Savara's Molgramostim Nebulizer Solution Meets Primary and Secondary Endpoints in Phase 3 IMPALA-2 Trial

15 July 2024
Savara Inc., a clinical-stage biopharmaceutical company focused on rare respiratory diseases, has announced positive results from its pivotal Phase 3 IMPALA-2 clinical trial. The trial evaluated the efficacy and safety of molgramostim, an inhaled form of recombinant human granulocyte-macrophage colony-stimulating factor (GM-CSF), in adult patients with autoimmune pulmonary alveolar proteinosis (aPAP).

The 48-week randomized, double-blind, placebo-controlled trial included 164 participants (NCT04544293). Molgramostim was administered once daily by inhalation at a dose of 300 mcg, while a matching placebo was used for comparison. The primary endpoint of the trial was the percent predicted diffusing capacity of the lungs for carbon monoxide (DLCO), adjusted for hemoglobin levels. Secondary endpoints included the St. George’s Respiratory Questionnaire (SGRQ) Total Score, SGRQ Activity Score, and exercise capacity measured by a treadmill test.

Key findings from the trial revealed that molgramostim led to statistically significant improvements in the primary endpoint of DLCO at both Week 24 and Week 48. Specifically, at Week 24, the mean change from baseline was 6.00 with a p-value of 0.0007, and at Week 48, the mean change was 6.90 with a p-value of 0.0008. These results indicate a durable effect of the treatment.

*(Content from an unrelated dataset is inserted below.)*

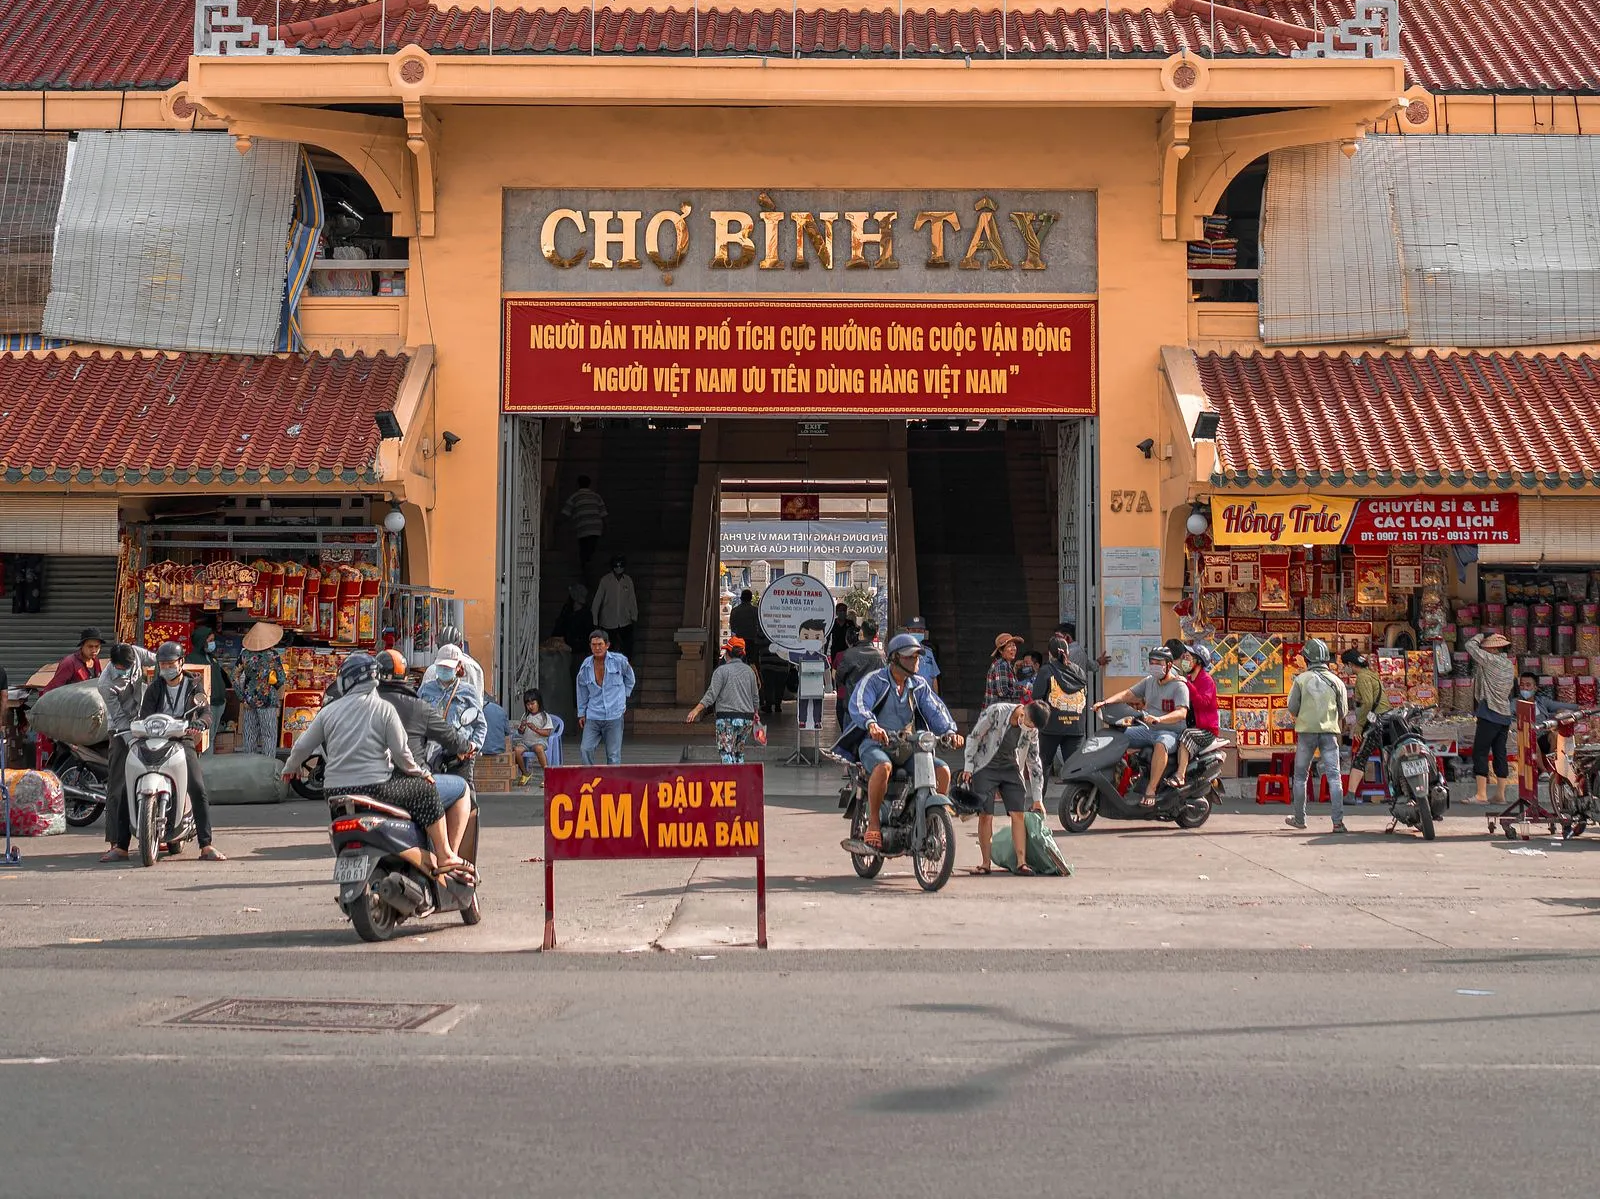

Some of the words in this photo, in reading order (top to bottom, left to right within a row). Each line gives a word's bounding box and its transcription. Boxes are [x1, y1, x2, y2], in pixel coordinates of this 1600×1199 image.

In terms of secondary outcomes, the SGRQ Total Score showed a statistically significant improvement at Week 24, with a mean change of -6.59 points and a p-value of 0.0072. Although the SGRQ Total Score at Week 48 did not reach statistical significance, it still demonstrated positive trends. The SGRQ Activity Score at Week 24 also achieved nominal significance, whereas the treadmill test for exercise capacity showed a significant improvement at Week 48 with a p-value of 0.0234.

The safety profile of molgramostim was favorable, with 97% of patients completing the double-blind treatment through Week 48 and no trial drug-related adverse events leading to discontinuation. The most common adverse events reported in the molgramostim group were COVID-19, cough, and pyrexia. Importantly, 100% of the patients who completed the 48-week double-blind period chose to continue into the 96-week open-label period.

Bruce Trapnell, M.D., the Lead Clinical Investigator of the IMPALA-2 trial, emphasized the substantial unmet need for effective pharmacotherapy in aPAP. He highlighted the potential of molgramostim as a safe and efficacious treatment option, supported by compelling data from two large clinical trials. Matt Pauls, Chair and CEO of Savara, echoed this sentiment, noting the strong efficacy data and favorable benefit-risk profile of molgramostim. He expressed optimism that molgramostim may become the first approved therapeutic for aPAP in the U.S. and Europe.

The positive results from the IMPALA-2 trial have significant implications for the treatment of aPAP, a rare lung disease characterized by the abnormal accumulation of surfactant in the alveoli. This buildup inhibits gas exchange and can lead to symptoms such as shortness of breath, cough, and fatigue. Over time, the disease can cause serious complications, including lung fibrosis and the need for lung transplantation.

Savara plans to complete the submission of a Biologics License Application (BLA) for molgramostim in the first half of 2025. The company will also host a webcast conference call to discuss the IMPALA-2 results and future plans. With Orphan Drug, Fast Track, and Breakthrough Therapy designations from the U.S. Food and Drug Administration and similar recognitions from European and UK regulatory bodies, molgramostim is positioned as a promising candidate for addressing the unmet needs of aPAP patients.

In summary, the IMPALA-2 trial has demonstrated that molgramostim provides significant and durable improvements in lung function for patients with aPAP, with a manageable safety profile, paving the way for its potential approval and use as a targeted therapy in this rare respiratory disease.